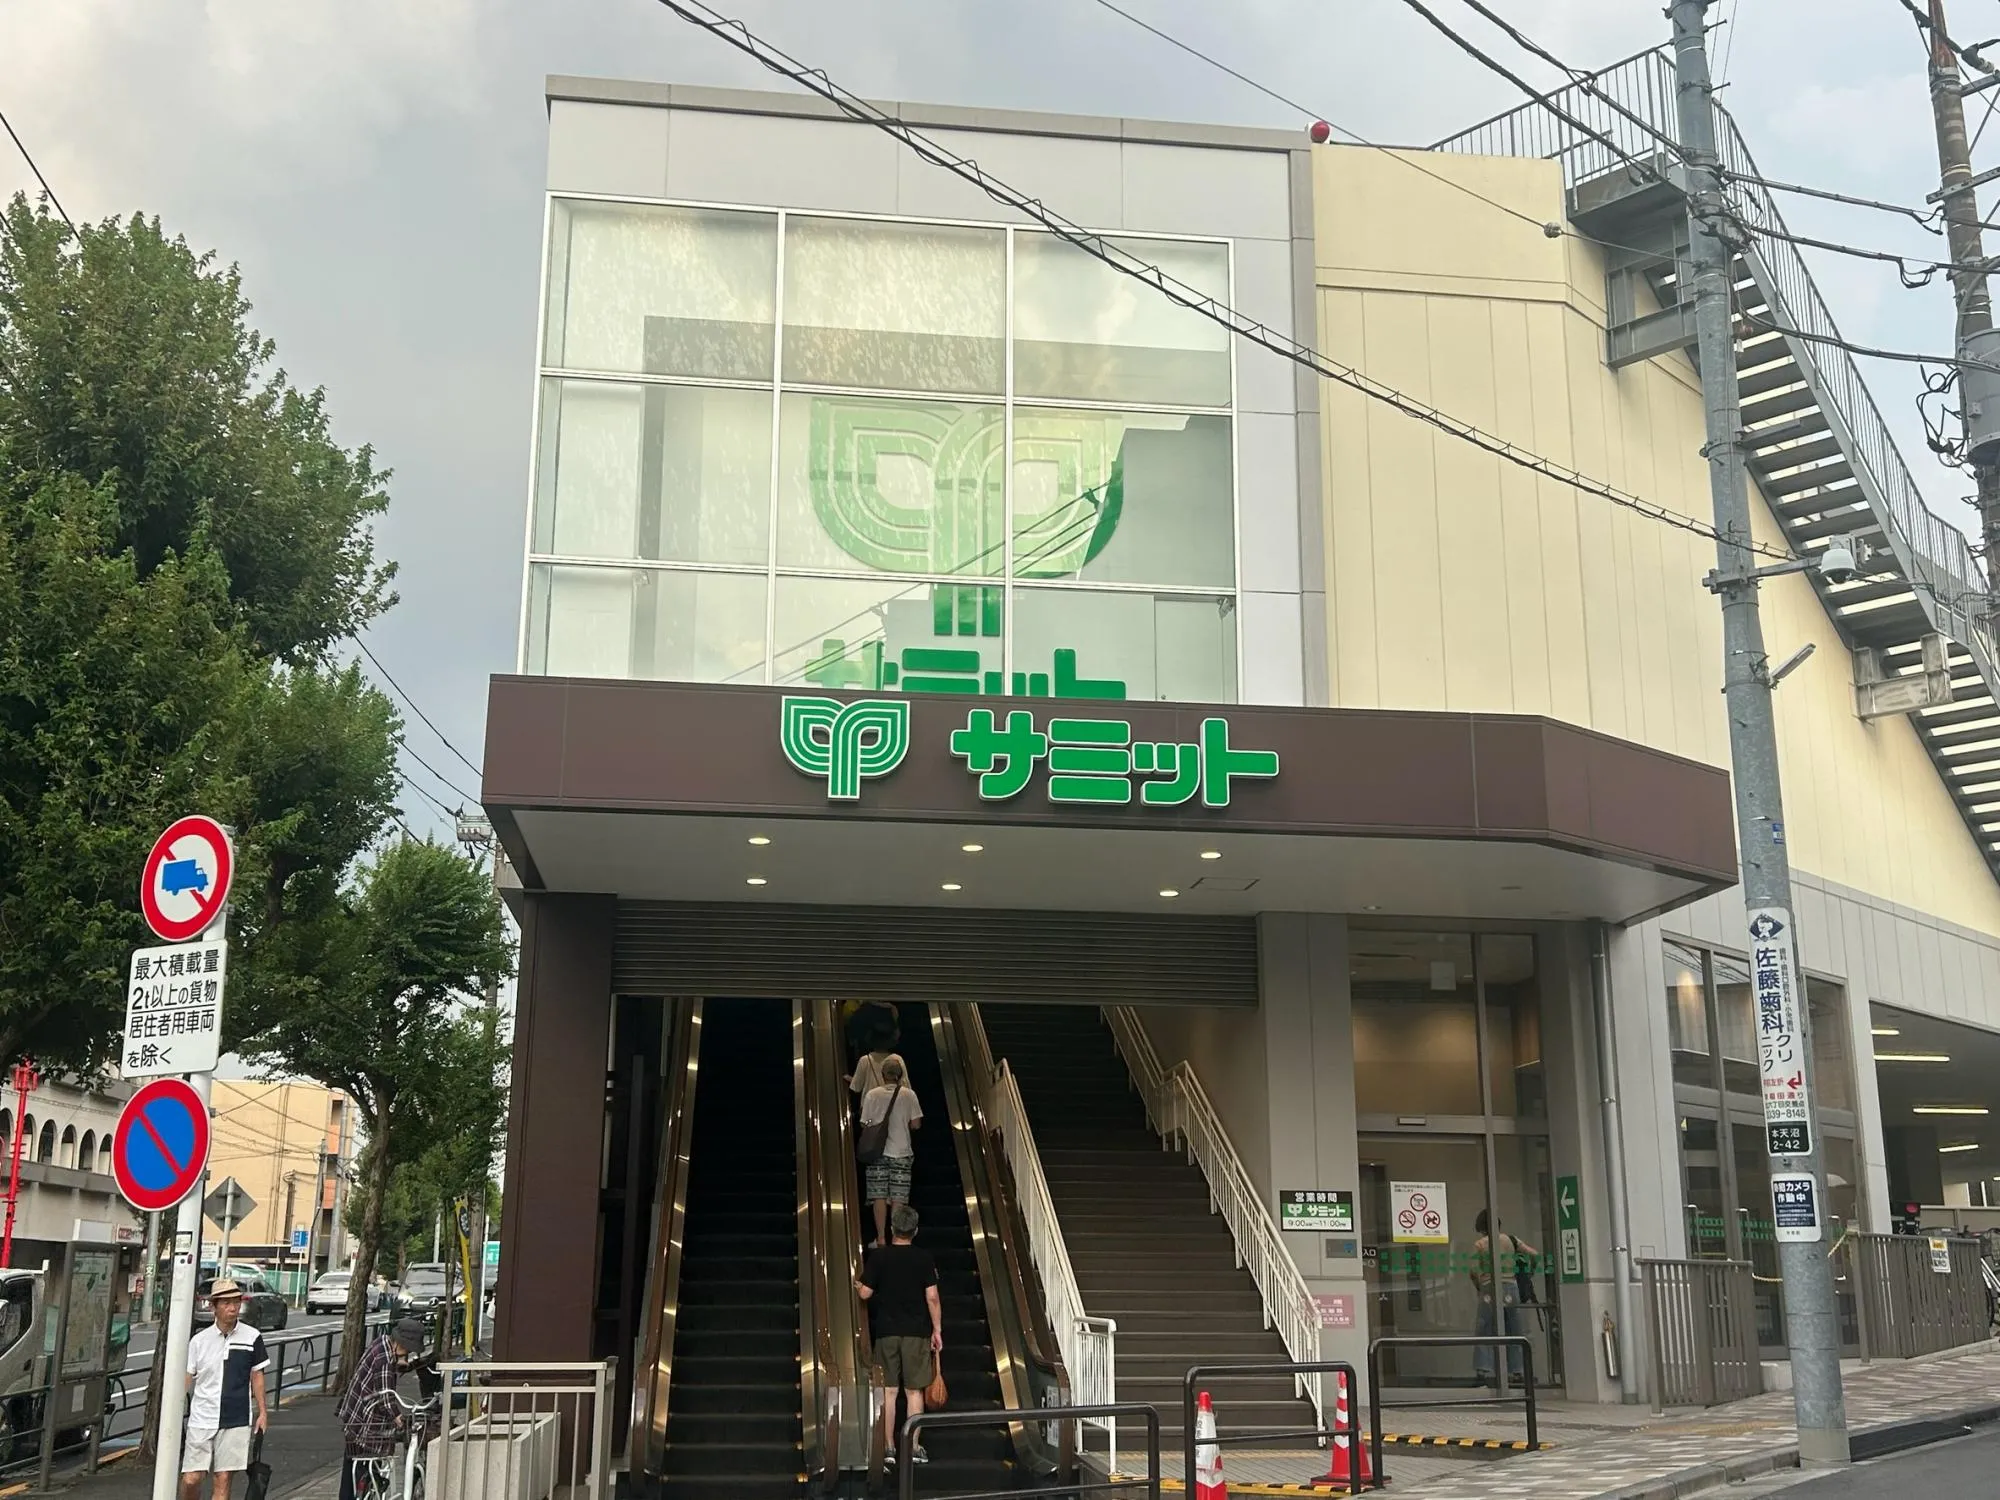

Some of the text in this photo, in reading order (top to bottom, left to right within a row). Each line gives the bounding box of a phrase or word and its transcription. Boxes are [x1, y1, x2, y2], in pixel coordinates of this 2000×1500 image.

[950, 708, 1280, 808] サミット
[134, 949, 219, 980] 最大積載量
[131, 979, 217, 1010] 2t以上の貨物
[1755, 947, 1784, 1035] 佐藤歯科
[129, 1009, 215, 1039] 居住者用車両
[126, 1043, 173, 1068] を除く
[1771, 1128, 1801, 1138] 本天沼
[1772, 1139, 1801, 1151] 2-42
[1295, 1192, 1338, 1203] 営業時間
[1777, 1192, 1806, 1203] 作動中
[1307, 1204, 1346, 1217] サミット

________________________

What to produce:
With the images omitted, repeat all the data word for word.

Solution for this problem:
Some of the text in this photo, in reading order (top to bottom, left to right within a row). Each line gives the bounding box of a phrase or word and its transcription. Boxes are [x1, y1, x2, y2], in pixel coordinates of this 2000×1500 image.

[950, 708, 1280, 808] サミット
[134, 949, 219, 980] 最大積載量
[131, 979, 217, 1010] 2t以上の貨物
[1755, 947, 1784, 1035] 佐藤歯科
[129, 1009, 215, 1039] 居住者用車両
[126, 1043, 173, 1068] を除く
[1771, 1128, 1801, 1138] 本天沼
[1772, 1139, 1801, 1151] 2-42
[1295, 1192, 1338, 1203] 営業時間
[1777, 1192, 1806, 1203] 作動中
[1307, 1204, 1346, 1217] サミット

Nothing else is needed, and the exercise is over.